Task prompt | Give the data again exactly as it appears.

Data for this exercise |
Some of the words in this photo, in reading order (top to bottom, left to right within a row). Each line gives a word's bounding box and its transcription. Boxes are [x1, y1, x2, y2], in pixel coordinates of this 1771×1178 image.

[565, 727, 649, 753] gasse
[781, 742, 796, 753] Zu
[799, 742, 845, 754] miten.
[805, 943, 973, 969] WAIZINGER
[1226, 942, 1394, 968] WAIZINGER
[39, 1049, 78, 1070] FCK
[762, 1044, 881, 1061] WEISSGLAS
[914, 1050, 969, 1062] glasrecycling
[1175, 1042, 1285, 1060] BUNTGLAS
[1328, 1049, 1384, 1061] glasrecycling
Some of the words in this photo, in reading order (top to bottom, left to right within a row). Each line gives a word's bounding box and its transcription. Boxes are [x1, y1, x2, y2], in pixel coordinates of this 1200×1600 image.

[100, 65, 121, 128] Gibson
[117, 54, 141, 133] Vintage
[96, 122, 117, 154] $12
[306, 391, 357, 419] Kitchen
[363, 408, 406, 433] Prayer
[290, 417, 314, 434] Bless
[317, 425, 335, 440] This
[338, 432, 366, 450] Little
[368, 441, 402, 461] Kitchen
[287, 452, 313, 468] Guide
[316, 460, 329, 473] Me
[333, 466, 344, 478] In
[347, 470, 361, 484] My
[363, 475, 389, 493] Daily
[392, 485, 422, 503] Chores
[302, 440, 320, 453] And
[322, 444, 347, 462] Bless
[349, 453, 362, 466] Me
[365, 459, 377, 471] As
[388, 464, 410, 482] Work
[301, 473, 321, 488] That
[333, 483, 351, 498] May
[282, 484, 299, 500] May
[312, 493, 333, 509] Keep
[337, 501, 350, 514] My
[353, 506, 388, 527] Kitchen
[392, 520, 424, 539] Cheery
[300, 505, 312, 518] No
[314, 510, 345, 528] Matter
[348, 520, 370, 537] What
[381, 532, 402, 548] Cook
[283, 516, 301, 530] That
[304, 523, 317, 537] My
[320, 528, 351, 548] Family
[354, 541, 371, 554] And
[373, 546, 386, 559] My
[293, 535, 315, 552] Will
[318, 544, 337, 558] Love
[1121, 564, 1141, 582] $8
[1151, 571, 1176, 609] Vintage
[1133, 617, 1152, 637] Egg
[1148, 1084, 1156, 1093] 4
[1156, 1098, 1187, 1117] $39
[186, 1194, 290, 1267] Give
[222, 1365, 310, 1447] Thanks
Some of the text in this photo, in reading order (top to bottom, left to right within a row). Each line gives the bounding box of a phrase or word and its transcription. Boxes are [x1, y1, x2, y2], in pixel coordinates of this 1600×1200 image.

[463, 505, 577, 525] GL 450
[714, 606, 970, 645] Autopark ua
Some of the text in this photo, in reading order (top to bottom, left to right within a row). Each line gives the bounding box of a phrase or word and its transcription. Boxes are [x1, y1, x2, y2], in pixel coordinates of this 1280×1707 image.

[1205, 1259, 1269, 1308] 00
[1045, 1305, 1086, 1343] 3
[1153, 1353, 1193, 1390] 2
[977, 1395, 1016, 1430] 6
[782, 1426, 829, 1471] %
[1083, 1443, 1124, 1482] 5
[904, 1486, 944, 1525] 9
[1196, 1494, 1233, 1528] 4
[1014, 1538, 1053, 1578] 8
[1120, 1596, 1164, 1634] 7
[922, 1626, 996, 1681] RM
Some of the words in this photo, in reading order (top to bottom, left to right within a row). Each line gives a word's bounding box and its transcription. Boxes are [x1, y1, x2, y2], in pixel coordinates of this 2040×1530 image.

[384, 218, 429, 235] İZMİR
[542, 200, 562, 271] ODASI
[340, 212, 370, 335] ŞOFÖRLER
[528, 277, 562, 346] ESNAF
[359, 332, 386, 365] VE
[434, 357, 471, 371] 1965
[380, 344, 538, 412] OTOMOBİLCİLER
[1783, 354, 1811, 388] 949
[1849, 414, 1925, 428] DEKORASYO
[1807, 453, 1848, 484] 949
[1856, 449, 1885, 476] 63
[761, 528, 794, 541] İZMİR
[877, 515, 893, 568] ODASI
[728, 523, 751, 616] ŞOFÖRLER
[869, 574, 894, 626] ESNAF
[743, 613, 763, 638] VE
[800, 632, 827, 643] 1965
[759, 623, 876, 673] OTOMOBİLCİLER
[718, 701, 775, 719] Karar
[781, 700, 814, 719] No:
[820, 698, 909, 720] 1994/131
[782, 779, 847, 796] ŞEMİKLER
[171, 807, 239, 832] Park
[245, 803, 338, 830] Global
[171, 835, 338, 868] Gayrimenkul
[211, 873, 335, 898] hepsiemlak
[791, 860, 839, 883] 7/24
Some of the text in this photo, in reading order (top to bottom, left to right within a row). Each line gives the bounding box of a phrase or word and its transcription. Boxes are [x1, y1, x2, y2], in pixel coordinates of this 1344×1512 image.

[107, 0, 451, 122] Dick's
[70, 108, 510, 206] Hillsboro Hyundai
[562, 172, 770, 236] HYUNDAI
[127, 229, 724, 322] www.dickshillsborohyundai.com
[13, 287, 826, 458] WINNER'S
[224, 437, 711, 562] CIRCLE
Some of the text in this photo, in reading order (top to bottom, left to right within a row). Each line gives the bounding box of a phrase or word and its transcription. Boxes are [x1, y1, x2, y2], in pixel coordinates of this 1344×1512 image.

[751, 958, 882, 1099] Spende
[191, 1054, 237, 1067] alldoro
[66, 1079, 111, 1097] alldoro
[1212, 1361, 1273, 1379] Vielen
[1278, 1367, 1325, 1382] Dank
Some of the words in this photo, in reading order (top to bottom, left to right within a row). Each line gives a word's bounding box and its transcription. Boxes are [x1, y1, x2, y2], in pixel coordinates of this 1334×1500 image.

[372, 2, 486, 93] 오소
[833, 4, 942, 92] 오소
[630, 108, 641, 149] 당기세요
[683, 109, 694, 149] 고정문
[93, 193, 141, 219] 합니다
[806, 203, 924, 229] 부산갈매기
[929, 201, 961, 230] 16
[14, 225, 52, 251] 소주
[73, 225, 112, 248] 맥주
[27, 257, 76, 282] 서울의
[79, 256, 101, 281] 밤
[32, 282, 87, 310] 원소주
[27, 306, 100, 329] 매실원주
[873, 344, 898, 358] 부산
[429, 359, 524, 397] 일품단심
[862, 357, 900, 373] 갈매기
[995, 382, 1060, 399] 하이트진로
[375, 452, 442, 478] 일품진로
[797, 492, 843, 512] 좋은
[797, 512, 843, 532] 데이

Answer section |
Some of the words in this photo, in reading order (top to bottom, left to right within a row). Each line gives a word's bounding box and its transcription. Boxes are [x1, y1, x2, y2], in pixel coordinates of this 1771×1178 image.

[565, 727, 649, 753] gasse
[781, 742, 796, 753] Zu
[799, 742, 845, 754] miten.
[805, 943, 973, 969] WAIZINGER
[1226, 942, 1394, 968] WAIZINGER
[39, 1049, 78, 1070] FCK
[762, 1044, 881, 1061] WEISSGLAS
[914, 1050, 969, 1062] glasrecycling
[1175, 1042, 1285, 1060] BUNTGLAS
[1328, 1049, 1384, 1061] glasrecycling
Some of the words in this photo, in reading order (top to bottom, left to right within a row). Each line gives a word's bounding box and its transcription. Boxes are [x1, y1, x2, y2], in pixel coordinates of this 1200×1600 image.

[100, 65, 121, 128] Gibson
[117, 54, 141, 133] Vintage
[96, 122, 117, 154] $12
[306, 391, 357, 419] Kitchen
[363, 408, 406, 433] Prayer
[290, 417, 314, 434] Bless
[317, 425, 335, 440] This
[338, 432, 366, 450] Little
[368, 441, 402, 461] Kitchen
[287, 452, 313, 468] Guide
[316, 460, 329, 473] Me
[333, 466, 344, 478] In
[347, 470, 361, 484] My
[363, 475, 389, 493] Daily
[392, 485, 422, 503] Chores
[302, 440, 320, 453] And
[322, 444, 347, 462] Bless
[349, 453, 362, 466] Me
[365, 459, 377, 471] As
[388, 464, 410, 482] Work
[301, 473, 321, 488] That
[333, 483, 351, 498] May
[282, 484, 299, 500] May
[312, 493, 333, 509] Keep
[337, 501, 350, 514] My
[353, 506, 388, 527] Kitchen
[392, 520, 424, 539] Cheery
[300, 505, 312, 518] No
[314, 510, 345, 528] Matter
[348, 520, 370, 537] What
[381, 532, 402, 548] Cook
[283, 516, 301, 530] That
[304, 523, 317, 537] My
[320, 528, 351, 548] Family
[354, 541, 371, 554] And
[373, 546, 386, 559] My
[293, 535, 315, 552] Will
[318, 544, 337, 558] Love
[1121, 564, 1141, 582] $8
[1151, 571, 1176, 609] Vintage
[1133, 617, 1152, 637] Egg
[1148, 1084, 1156, 1093] 4
[1156, 1098, 1187, 1117] $39
[186, 1194, 290, 1267] Give
[222, 1365, 310, 1447] Thanks
Some of the text in this photo, in reading order (top to bottom, left to right within a row). Each line gives the bounding box of a phrase or word and its transcription. Boxes are [x1, y1, x2, y2], in pixel coordinates of this 1600×1200 image.

[463, 505, 577, 525] GL 450
[714, 606, 970, 645] Autopark ua
Some of the text in this photo, in reading order (top to bottom, left to right within a row). Each line gives the bounding box of a phrase or word and its transcription. Boxes are [x1, y1, x2, y2], in pixel coordinates of this 1280×1707 image.

[1205, 1259, 1269, 1308] 00
[1045, 1305, 1086, 1343] 3
[1153, 1353, 1193, 1390] 2
[977, 1395, 1016, 1430] 6
[782, 1426, 829, 1471] %
[1083, 1443, 1124, 1482] 5
[904, 1486, 944, 1525] 9
[1196, 1494, 1233, 1528] 4
[1014, 1538, 1053, 1578] 8
[1120, 1596, 1164, 1634] 7
[922, 1626, 996, 1681] RM
Some of the words in this photo, in reading order (top to bottom, left to right within a row). Each line gives a word's bounding box and its transcription. Boxes are [x1, y1, x2, y2], in pixel coordinates of this 2040×1530 image.

[384, 218, 429, 235] İZMİR
[542, 200, 562, 271] ODASI
[340, 212, 370, 335] ŞOFÖRLER
[528, 277, 562, 346] ESNAF
[359, 332, 386, 365] VE
[434, 357, 471, 371] 1965
[380, 344, 538, 412] OTOMOBİLCİLER
[1783, 354, 1811, 388] 949
[1849, 414, 1925, 428] DEKORASYO
[1807, 453, 1848, 484] 949
[1856, 449, 1885, 476] 63
[761, 528, 794, 541] İZMİR
[877, 515, 893, 568] ODASI
[728, 523, 751, 616] ŞOFÖRLER
[869, 574, 894, 626] ESNAF
[743, 613, 763, 638] VE
[800, 632, 827, 643] 1965
[759, 623, 876, 673] OTOMOBİLCİLER
[718, 701, 775, 719] Karar
[781, 700, 814, 719] No:
[820, 698, 909, 720] 1994/131
[782, 779, 847, 796] ŞEMİKLER
[171, 807, 239, 832] Park
[245, 803, 338, 830] Global
[171, 835, 338, 868] Gayrimenkul
[211, 873, 335, 898] hepsiemlak
[791, 860, 839, 883] 7/24
Some of the text in this photo, in reading order (top to bottom, left to right within a row). Each line gives the bounding box of a phrase or word and its transcription. Boxes are [x1, y1, x2, y2], in pixel coordinates of this 1344×1512 image.

[107, 0, 451, 122] Dick's
[70, 108, 510, 206] Hillsboro Hyundai
[562, 172, 770, 236] HYUNDAI
[127, 229, 724, 322] www.dickshillsborohyundai.com
[13, 287, 826, 458] WINNER'S
[224, 437, 711, 562] CIRCLE
Some of the text in this photo, in reading order (top to bottom, left to right within a row). Each line gives the bounding box of a phrase or word and its transcription. Boxes are [x1, y1, x2, y2], in pixel coordinates of this 1344×1512 image.

[751, 958, 882, 1099] Spende
[191, 1054, 237, 1067] alldoro
[66, 1079, 111, 1097] alldoro
[1212, 1361, 1273, 1379] Vielen
[1278, 1367, 1325, 1382] Dank
Some of the words in this photo, in reading order (top to bottom, left to right within a row). Each line gives a word's bounding box and its transcription. Boxes are [x1, y1, x2, y2], in pixel coordinates of this 1334×1500 image.

[372, 2, 486, 93] 오소
[833, 4, 942, 92] 오소
[630, 108, 641, 149] 당기세요
[683, 109, 694, 149] 고정문
[93, 193, 141, 219] 합니다
[806, 203, 924, 229] 부산갈매기
[929, 201, 961, 230] 16
[14, 225, 52, 251] 소주
[73, 225, 112, 248] 맥주
[27, 257, 76, 282] 서울의
[79, 256, 101, 281] 밤
[32, 282, 87, 310] 원소주
[27, 306, 100, 329] 매실원주
[873, 344, 898, 358] 부산
[429, 359, 524, 397] 일품단심
[862, 357, 900, 373] 갈매기
[995, 382, 1060, 399] 하이트진로
[375, 452, 442, 478] 일품진로
[797, 492, 843, 512] 좋은
[797, 512, 843, 532] 데이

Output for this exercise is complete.